> [BRIEF]: Each record must be returned exactly, apart from the pictures, which stay out.

#####

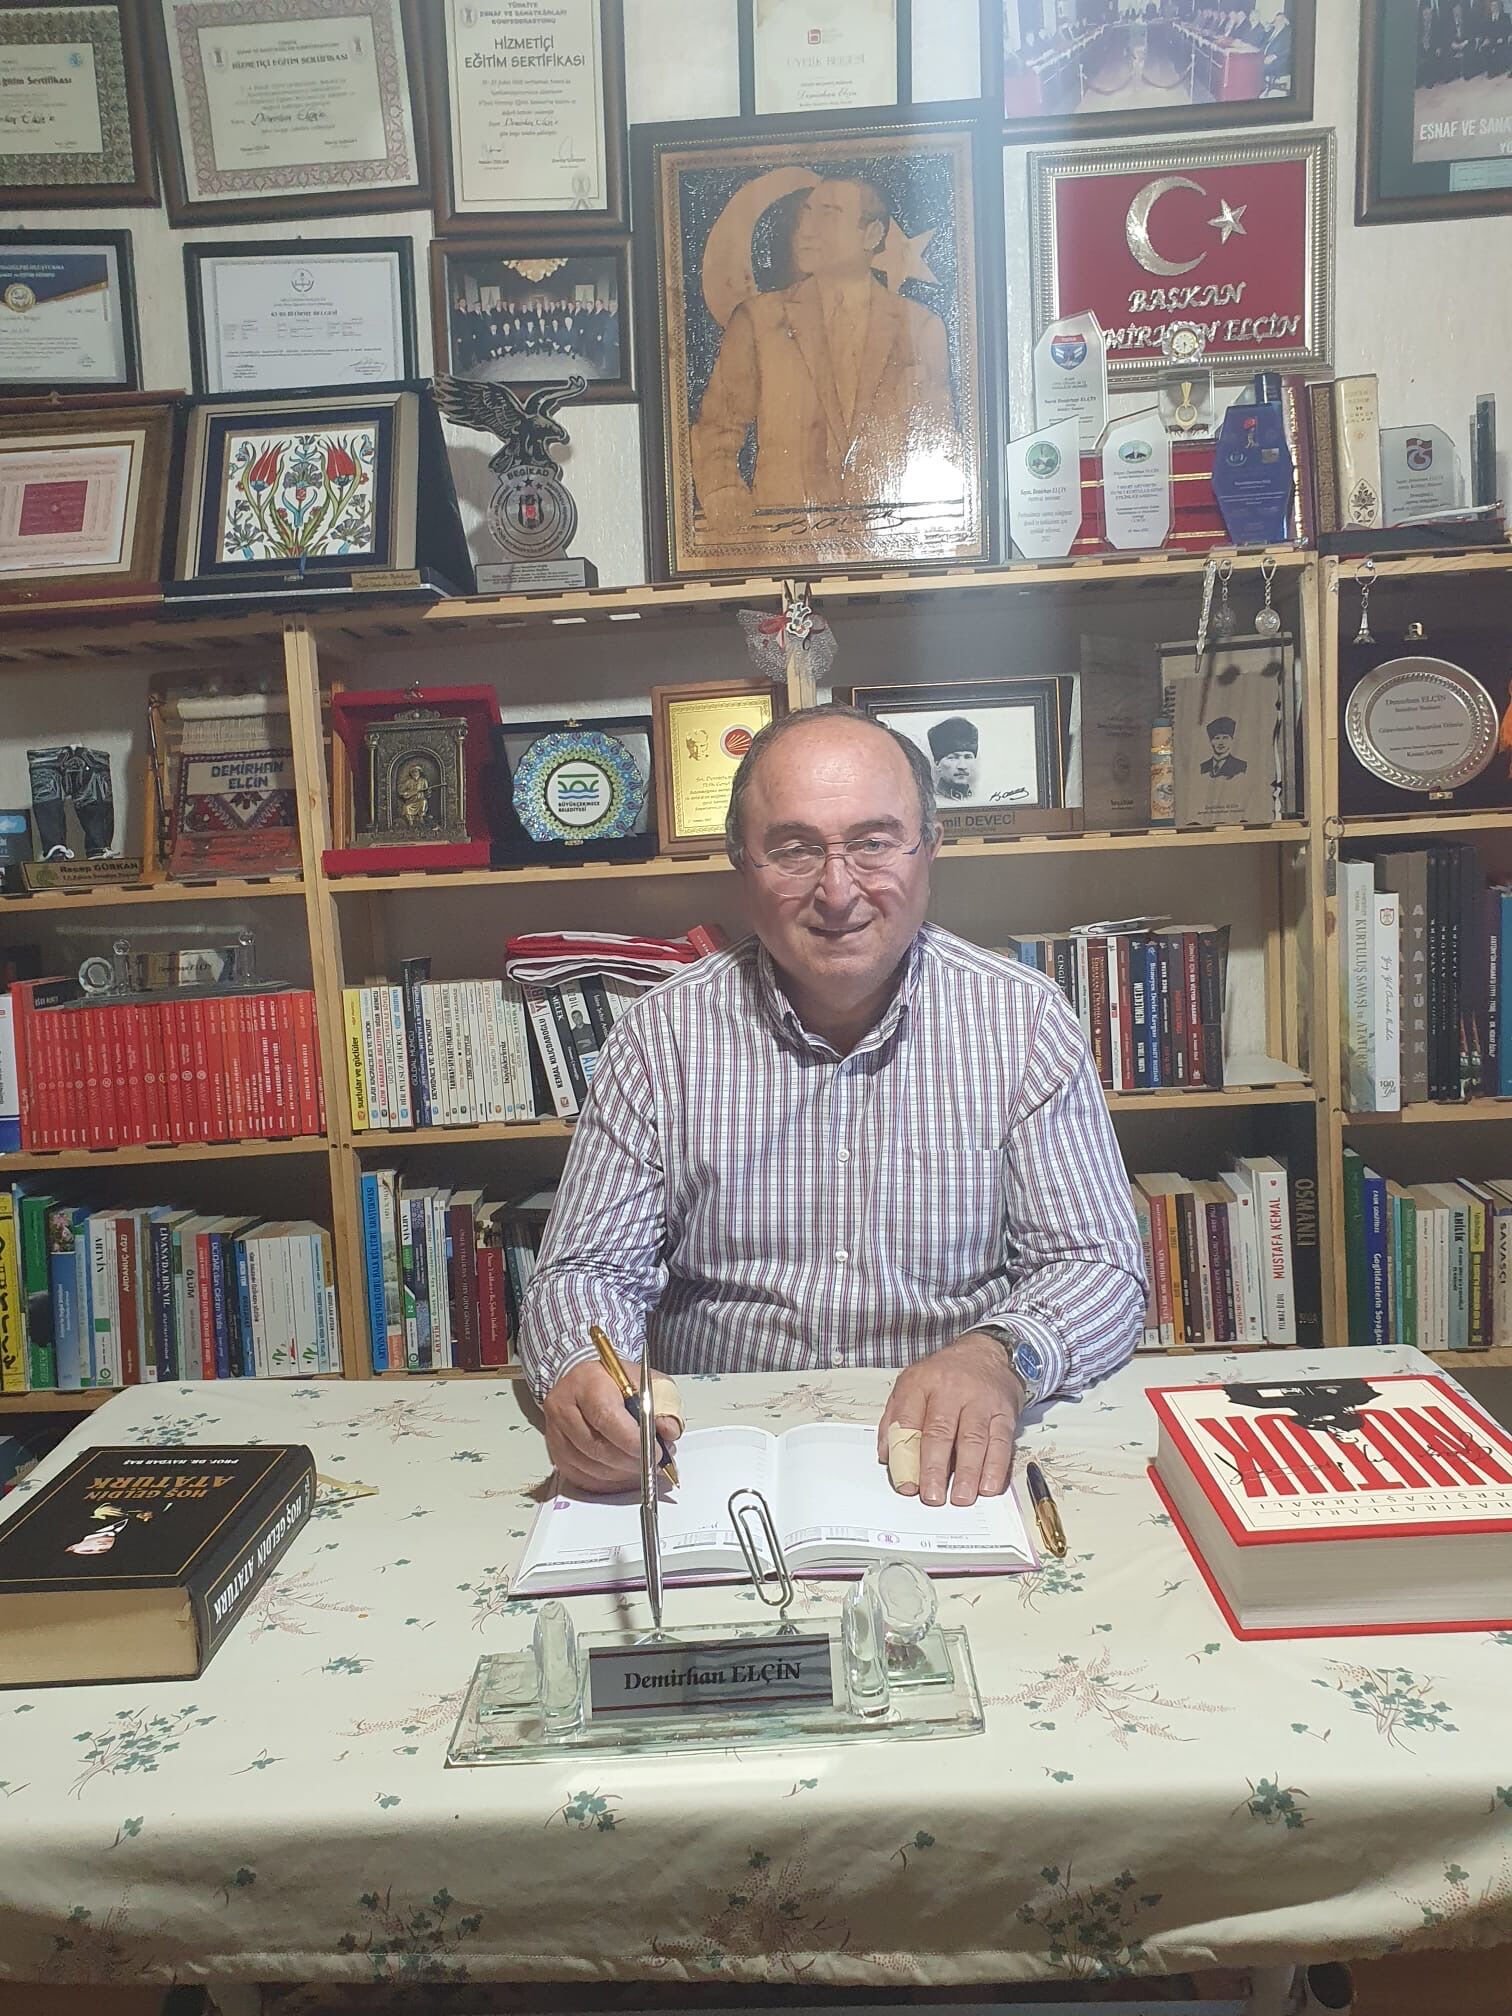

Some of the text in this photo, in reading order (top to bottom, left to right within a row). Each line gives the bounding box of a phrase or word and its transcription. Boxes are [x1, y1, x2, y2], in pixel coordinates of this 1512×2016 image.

[494, 35, 555, 52] HİZMETİÇİ
[464, 53, 586, 69] EĞİTİM SERTİFİKASI
[1419, 120, 1458, 142] ESNAF
[1461, 119, 1476, 137] VE
[1128, 281, 1248, 315] BAŞKAN
[1222, 311, 1303, 344] ELÇİN
[211, 760, 284, 778] DEMİRHAN
[964, 811, 1017, 827] DEVECİ
[1354, 918, 1369, 973] KURTULUŞ
[1353, 974, 1369, 1009] SAVAŞI
[350, 1036, 365, 1110] suçlular ve güçlüler
[553, 1066, 565, 1090] KEMAL
[1294, 1178, 1317, 1247] OSMANLI
[1269, 1198, 1286, 1280] MUSTAFA KEMAL
[120, 1233, 131, 1292] ARDANUÇ AĞZI
[186, 1268, 197, 1299] ÖLÜM
[84, 1489, 209, 1500] HOŞ GELDİN
[86, 1475, 237, 1491] ATATÜRK
[212, 1495, 303, 1625] HOŞ GELDİN ATATÜRK
[623, 1657, 802, 1691] Demirhan ELÇİN
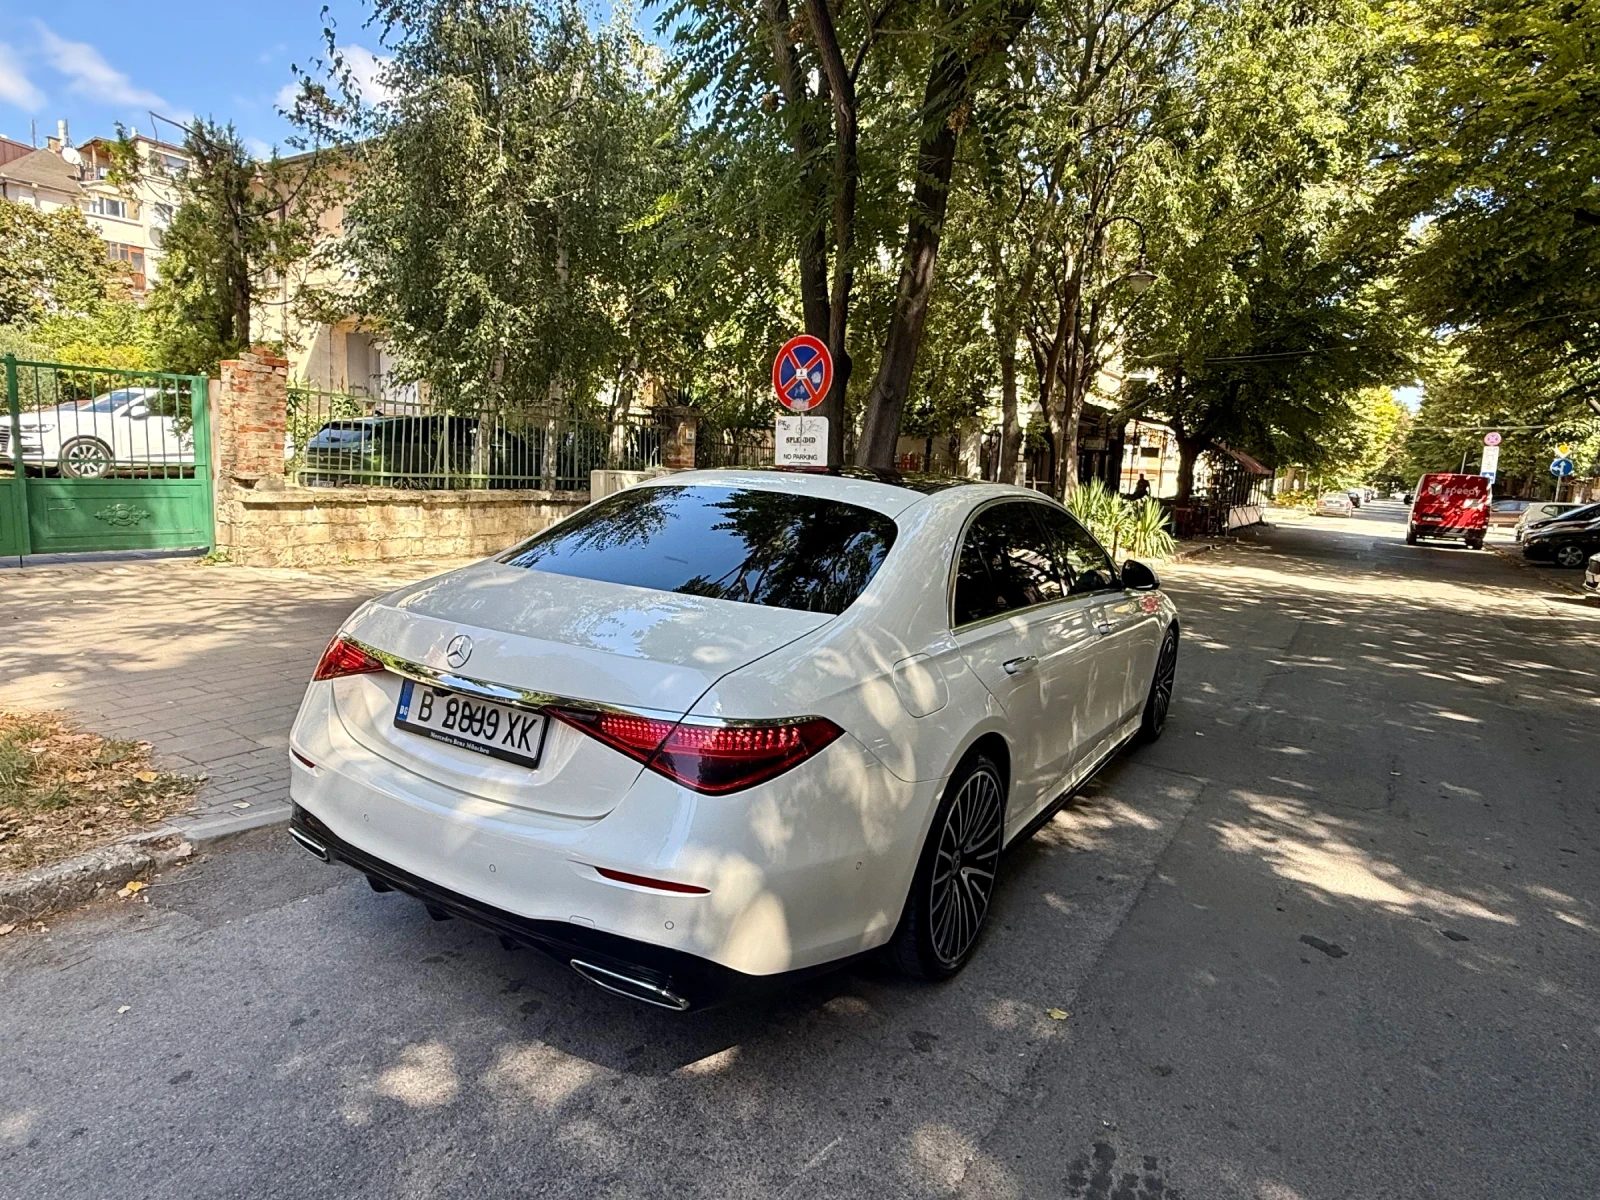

#####

> [YOUR RESPONSE]:
Some of the text in this photo, in reading order (top to bottom, left to right within a row). Each line gives the bounding box of a phrase or word and its transcription. Boxes are [x1, y1, x2, y2], in pixel coordinates of this 1512×2016 image.

[494, 35, 555, 52] HİZMETİÇİ
[464, 53, 586, 69] EĞİTİM SERTİFİKASI
[1419, 120, 1458, 142] ESNAF
[1461, 119, 1476, 137] VE
[1128, 281, 1248, 315] BAŞKAN
[1222, 311, 1303, 344] ELÇİN
[211, 760, 284, 778] DEMİRHAN
[964, 811, 1017, 827] DEVECİ
[1354, 918, 1369, 973] KURTULUŞ
[1353, 974, 1369, 1009] SAVAŞI
[350, 1036, 365, 1110] suçlular ve güçlüler
[553, 1066, 565, 1090] KEMAL
[1294, 1178, 1317, 1247] OSMANLI
[1269, 1198, 1286, 1280] MUSTAFA KEMAL
[120, 1233, 131, 1292] ARDANUÇ AĞZI
[186, 1268, 197, 1299] ÖLÜM
[84, 1489, 209, 1500] HOŞ GELDİN
[86, 1475, 237, 1491] ATATÜRK
[212, 1495, 303, 1625] HOŞ GELDİN ATATÜRK
[623, 1657, 802, 1691] Demirhan ELÇİN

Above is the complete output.